1. A mass m is supported by a spring with spring constant σ and a natural length xo. The mass is immersed in a viscous liquid such that there is a resistive force F = -nv acting on it where v is the velocity of m and n is a constant. Gravity acts downward. The block to which the spring is attached oscillates up and down with amplitude A and frequency f.
(a) Using Newton's laws, show that the differential equation describing the motion of m can be written
mz'' + nz' +σz = σAcos(ft)
where z is the displacement of m downwards from its equilibrium position, being the position of the mass when the support is not vibrating.
I said that according to Newton's 2nd law F = ma = mz''. The gravitational force is simply F = mg (downwards) and Hooke's spring force is F = -σz. We are told the resistive force is F = -nv = -nz'. The force from the oscillating platform is represented by F = σAcos(ft)
Putting this all together you get the equation of motion:
mz'' + nz' +σz = σAcos(ft)

(b) At what frequency would the system vibrate if the support were motionless?

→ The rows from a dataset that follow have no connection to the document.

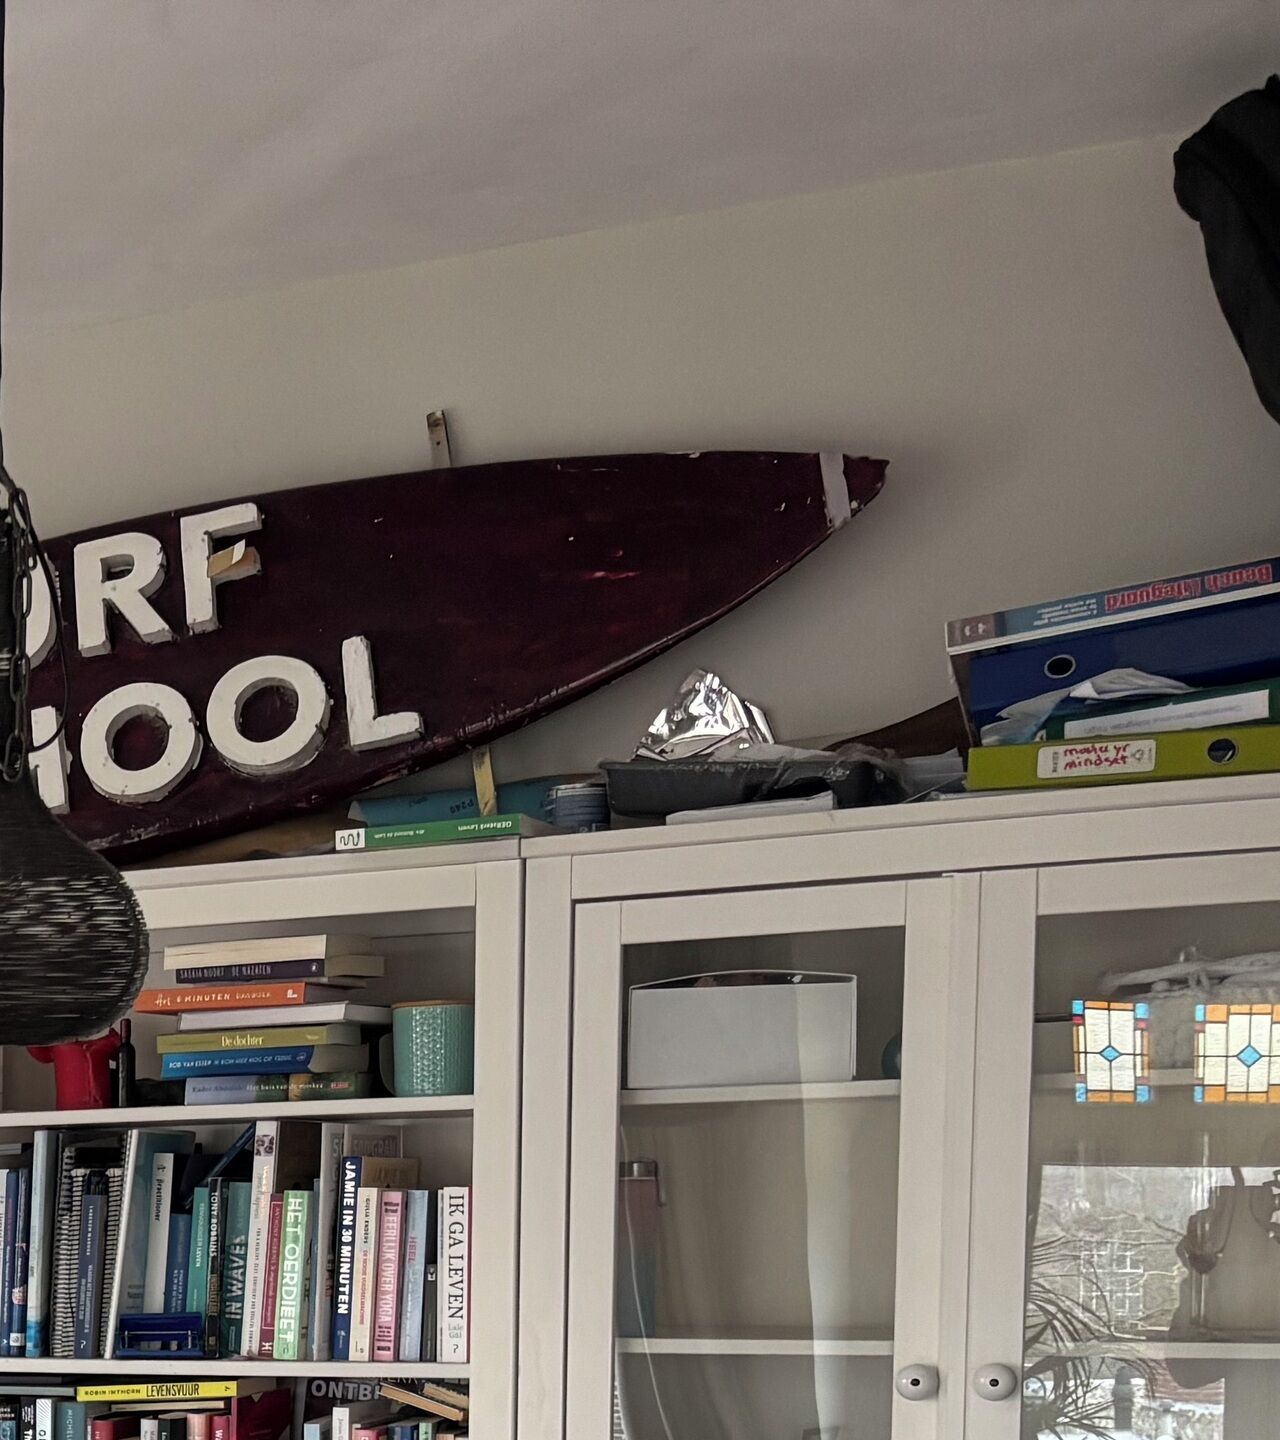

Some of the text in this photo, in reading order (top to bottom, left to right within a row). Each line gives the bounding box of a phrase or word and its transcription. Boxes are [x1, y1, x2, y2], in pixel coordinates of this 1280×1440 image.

[1205, 564, 1273, 592] Beach
[1064, 755, 1127, 770] mindset
[180, 965, 271, 978] SASKIA NOORT DE NAZATEN
[185, 993, 231, 1002] MINUTEN
[222, 1035, 263, 1047] De dochter
[210, 1192, 218, 1257] TONY ROBBINS
[338, 1161, 356, 1313] JAMIE IN 30 MINUTEN
[408, 1237, 417, 1264] HEEL
[448, 1194, 464, 1319] IK GA LEVEN
[225, 1235, 246, 1318] IN WAVES
[280, 1198, 302, 1342] HET OERDIEET
[380, 1216, 397, 1322] EERLIJK OVER YOGA
[146, 1382, 199, 1397] LEVENSVUUR
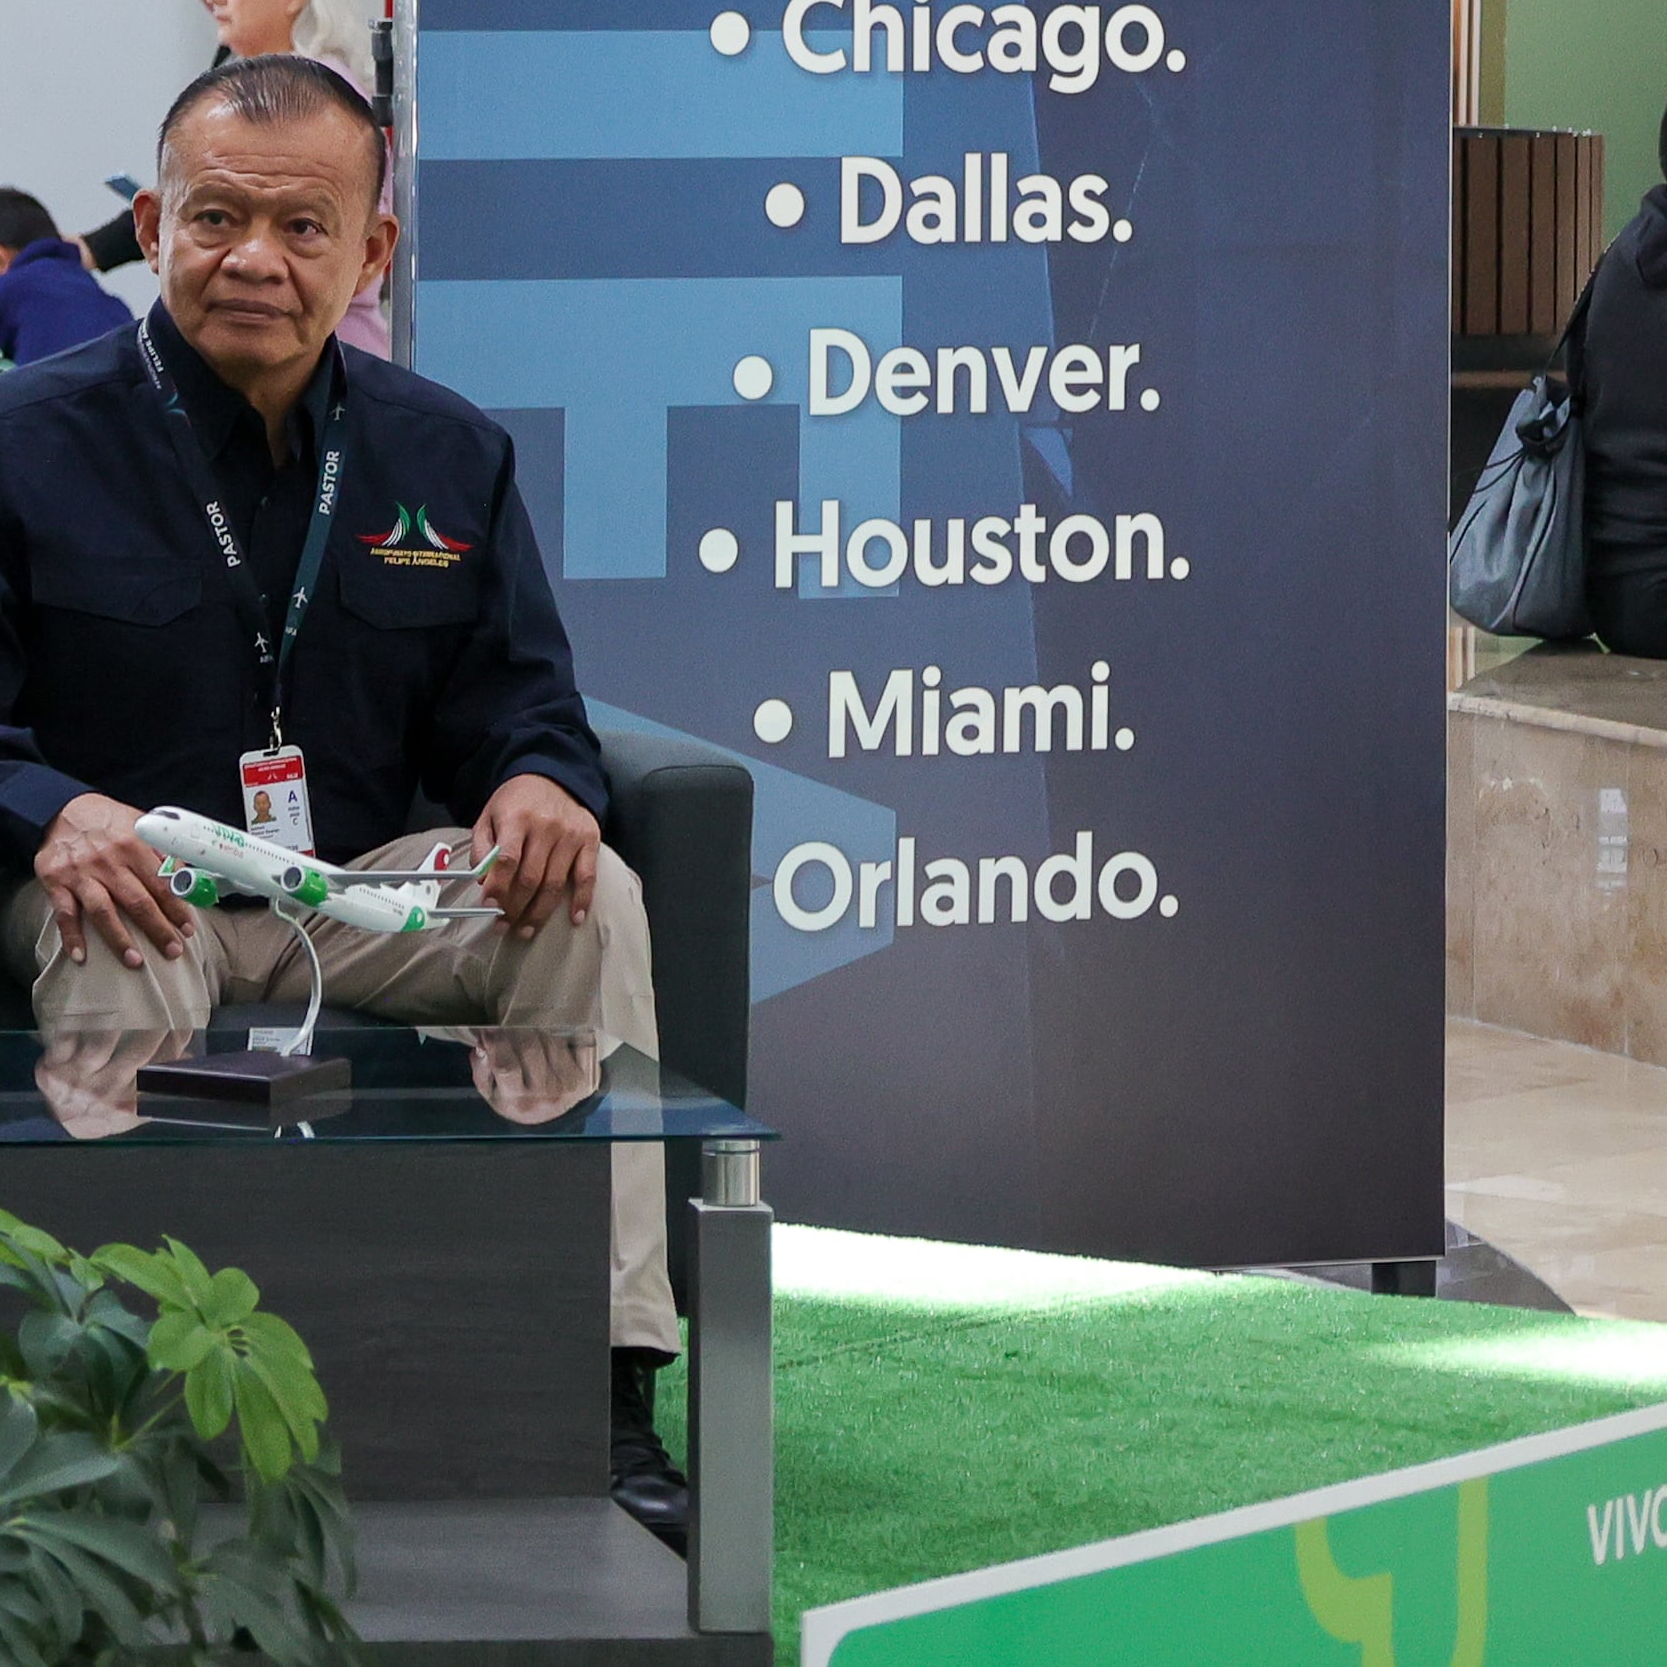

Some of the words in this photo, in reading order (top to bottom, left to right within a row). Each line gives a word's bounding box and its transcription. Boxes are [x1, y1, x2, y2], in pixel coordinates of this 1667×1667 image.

State an explicit criterion for the existence of oscillatory behaviour.
If the support were motionless then A = 0, so σAcos(ft) = 0, hence mz'' + nz' +σz = 0. I don't know how to get the frequency from here? The "explicit criterion" of oscillatory behaviour has to mean at what point will it definately oscillate. ie: The system is not over damped. The system is overdamped if σ/2m >> f so I guess the criterion must be for σ/2m < f
(c) How does the magnitude of the motion of m depend on the magnitude of A?
Directly proportional?
(d) Explain in words what happens to the motion of m in the limits:
(i) f -> 0
?
(ii) f -> ∞
?
(iii) f -> resonant frequency
?
2. It's been a while since I did this stuff, so I'm not totally confident about my comments. Anyway, hope it helps.